Your assignment. Transcribe only the lines from the one containing "this 1288×966 image." through the final line of the entries below, exactly, and exclude the pictures.

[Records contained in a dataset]
********************
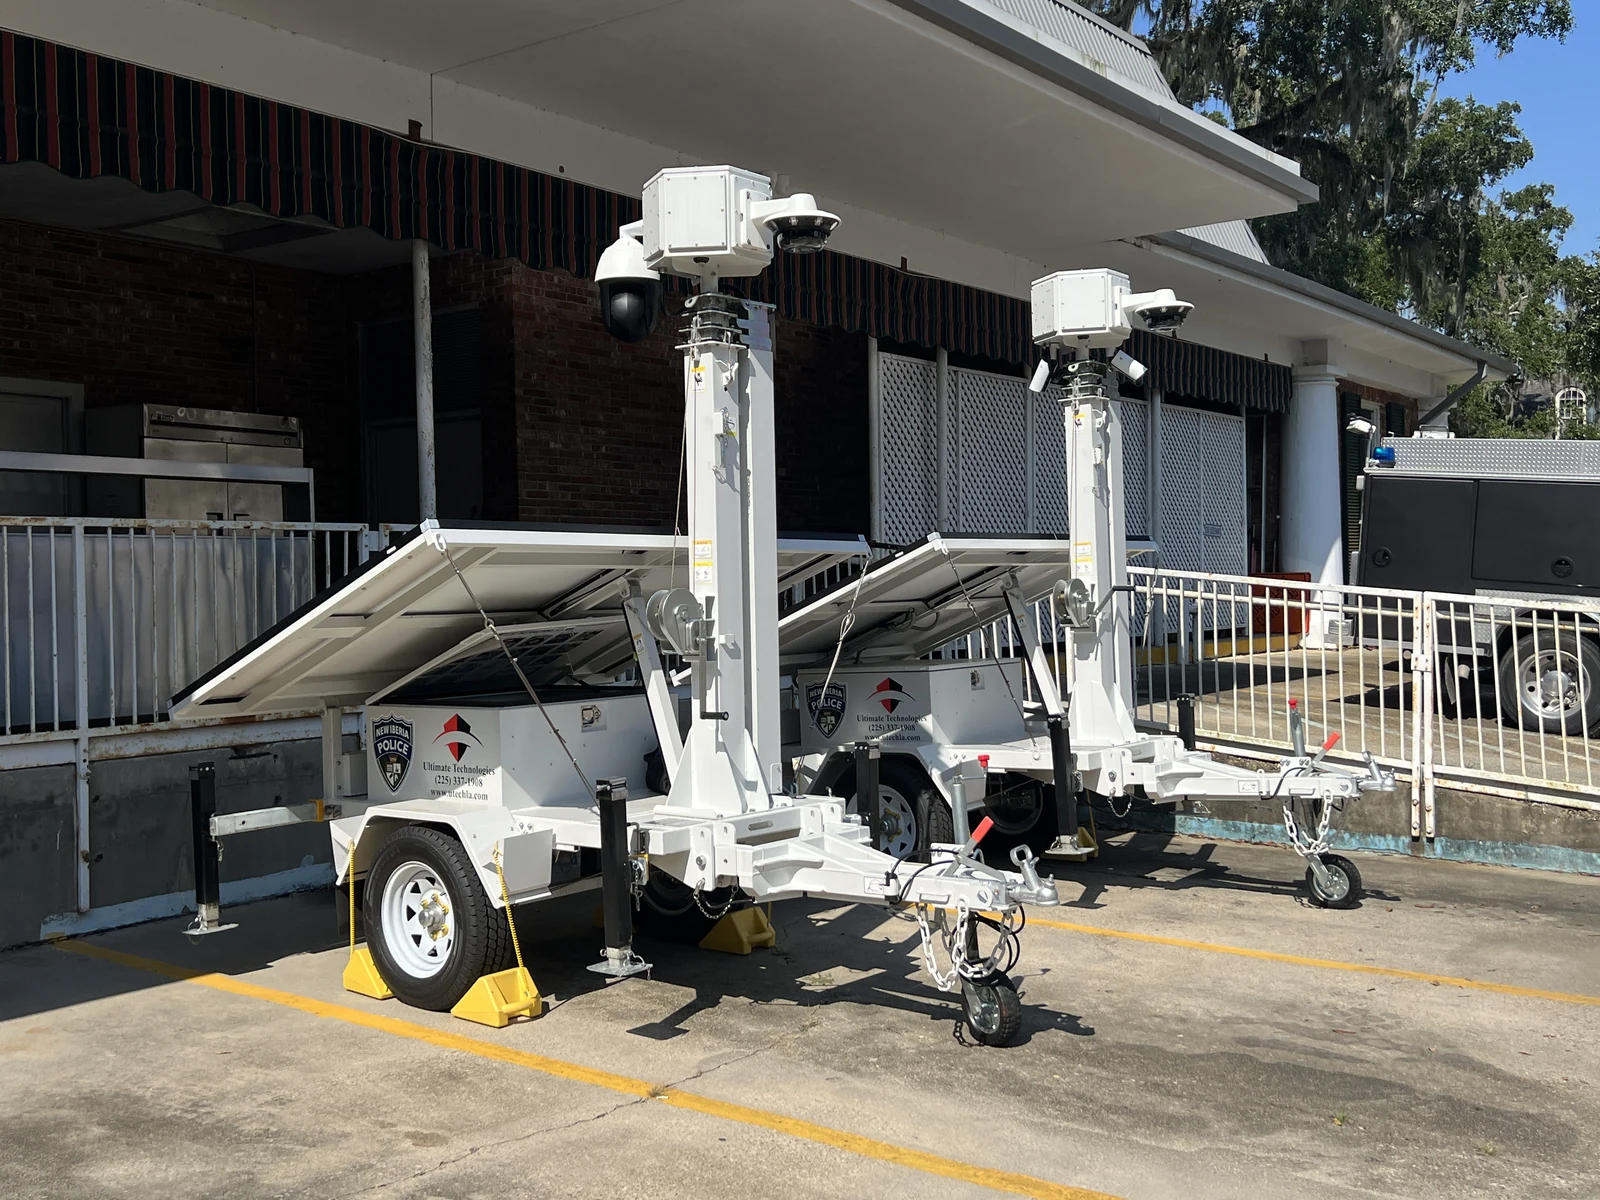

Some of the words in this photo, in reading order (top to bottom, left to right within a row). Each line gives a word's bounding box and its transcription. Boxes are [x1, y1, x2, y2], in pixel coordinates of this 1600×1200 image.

[809, 688, 823, 699] NEW
[824, 687, 843, 699] BERIA
[811, 698, 843, 711] POLICE
[886, 715, 928, 724] Technologies
[376, 725, 389, 737] NEW
[390, 724, 410, 740] IBERIA
[868, 724, 885, 732] (225)
[886, 724, 916, 732] 337-1908
[377, 739, 409, 756] POLICE
[422, 761, 451, 773] Ultimate
[452, 763, 496, 776] Technologies
[434, 775, 452, 786] (225)
[453, 776, 484, 788] 337-1908
[430, 788, 489, 801] www.utechla.com
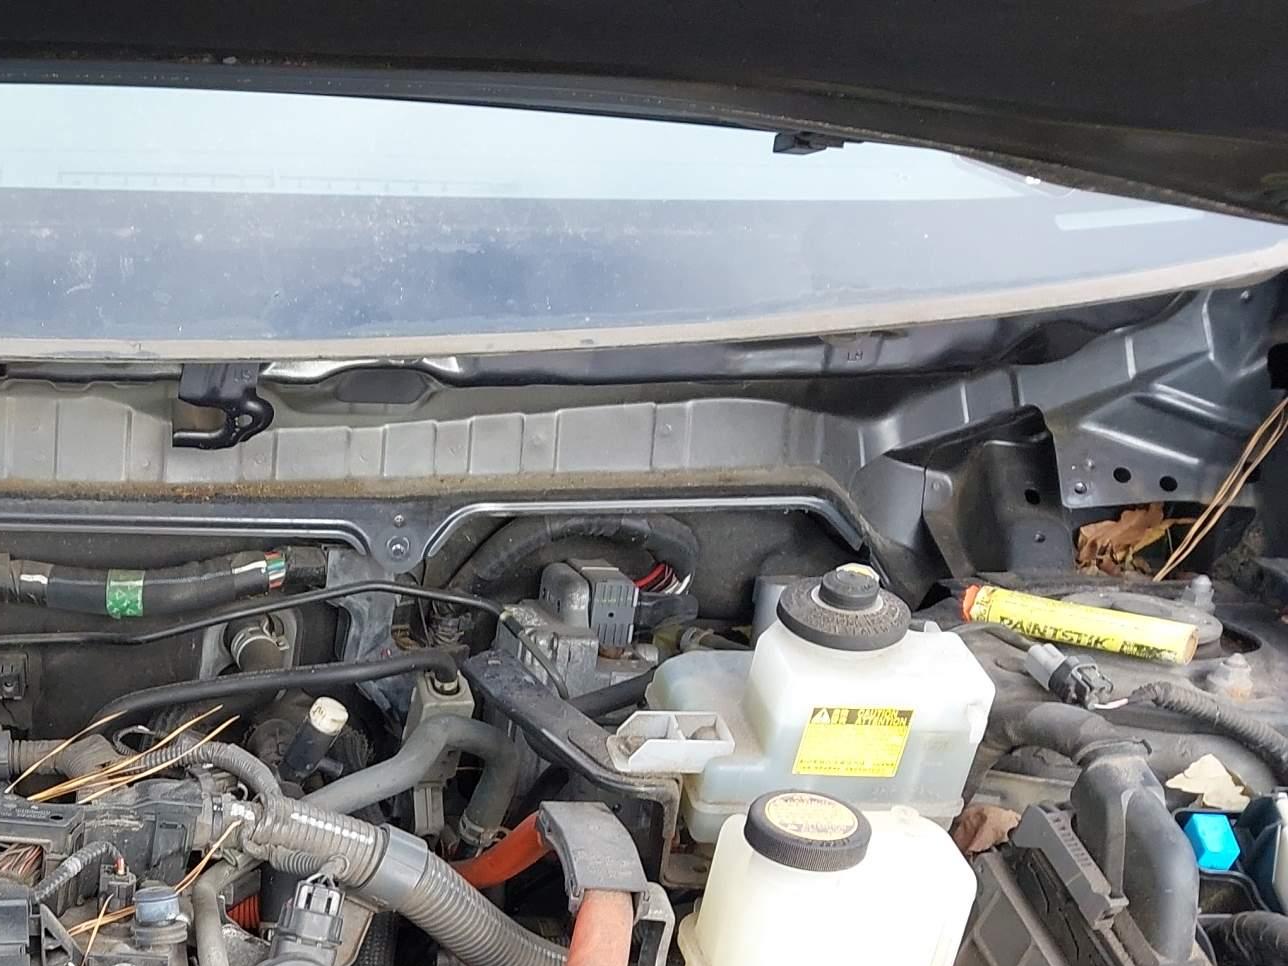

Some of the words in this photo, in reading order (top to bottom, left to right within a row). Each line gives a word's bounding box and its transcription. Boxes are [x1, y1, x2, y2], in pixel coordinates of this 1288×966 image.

[999, 615, 1114, 650] PAINTSTIK
[857, 709, 899, 720] CAUTION
[855, 718, 908, 726] ATTENTION
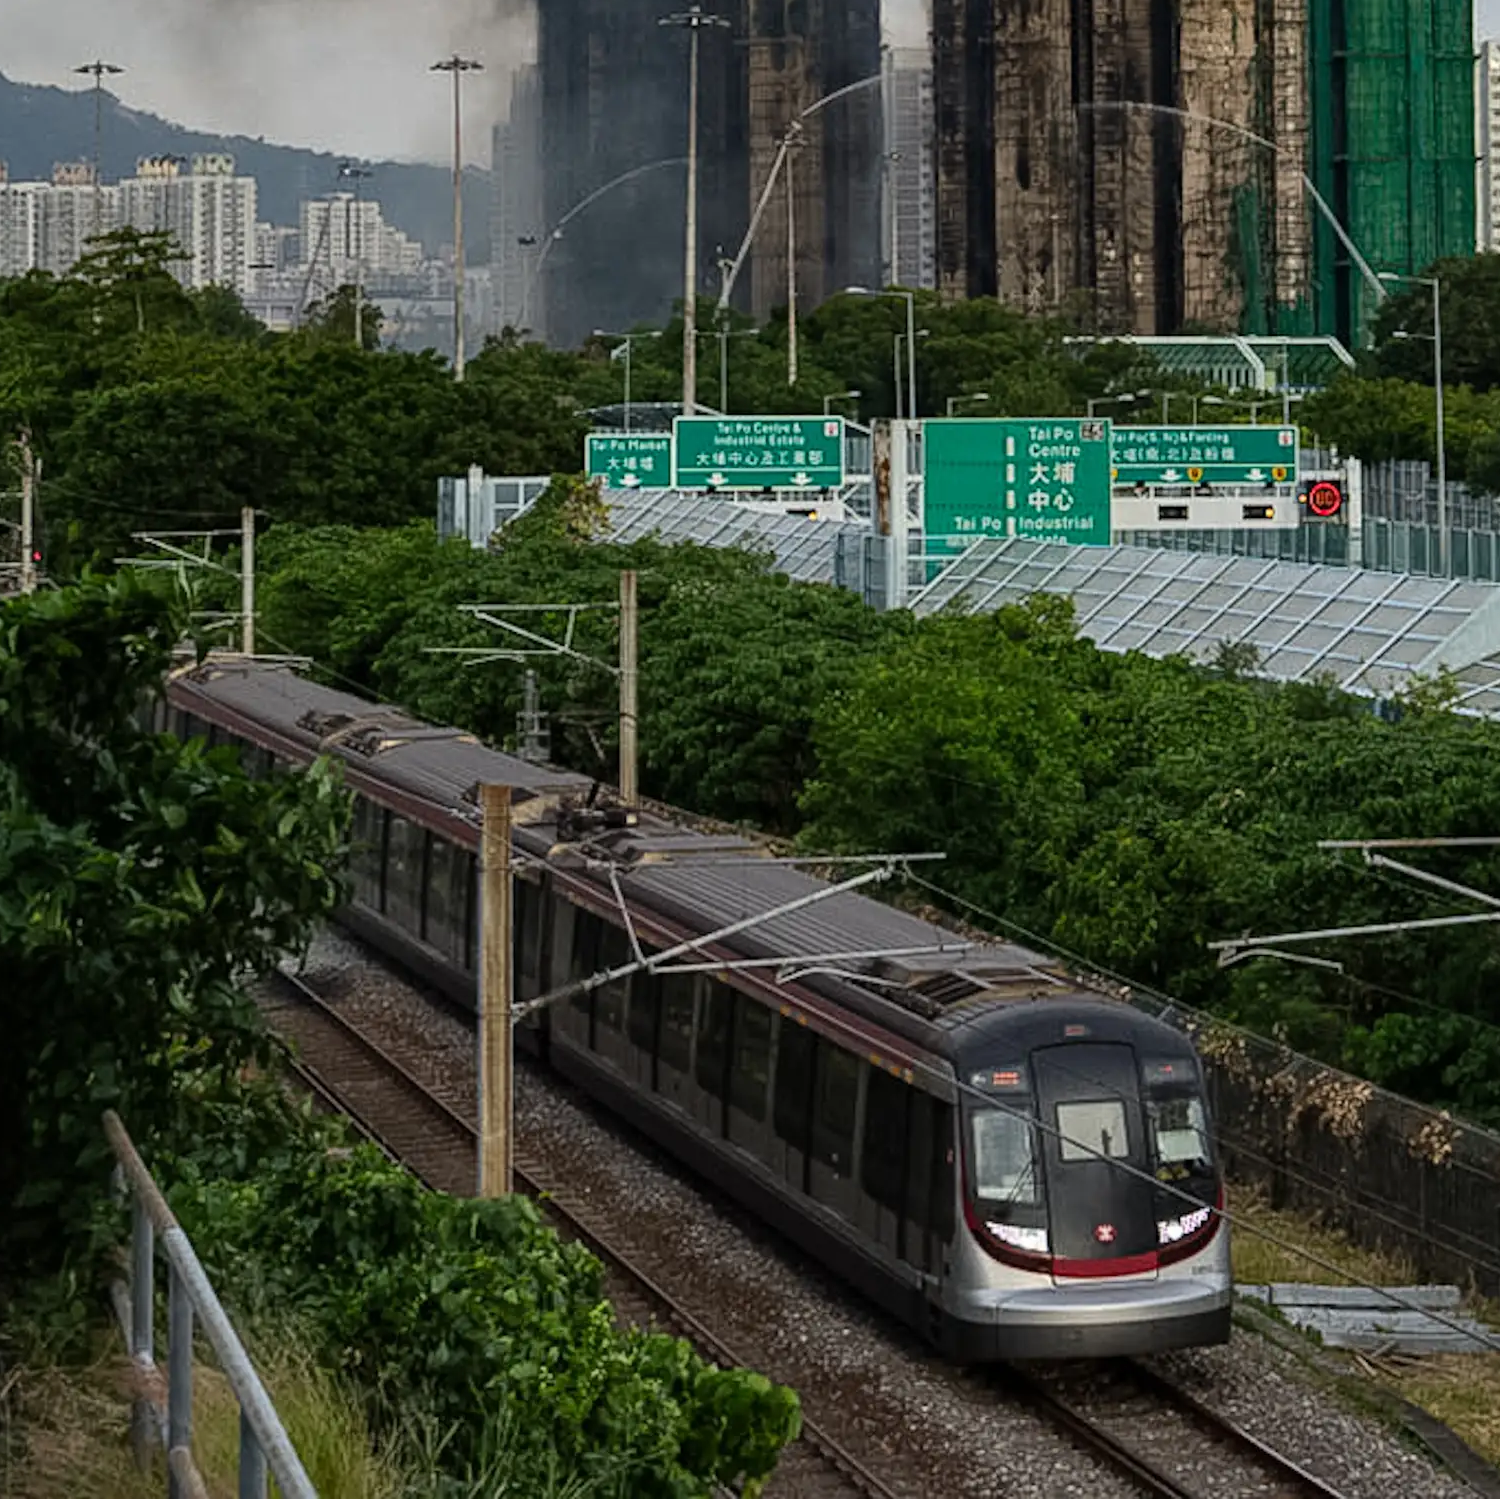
********************
Written answer.
Some of the words in this photo, in reading order (top to bottom, left to right within a row). Each line gives a word's bounding box and its transcription. Boxes are [x1, y1, x2, y2], in pixel coordinates of this 1288×966 image.

[999, 615, 1114, 650] PAINTSTIK
[857, 709, 899, 720] CAUTION
[855, 718, 908, 726] ATTENTION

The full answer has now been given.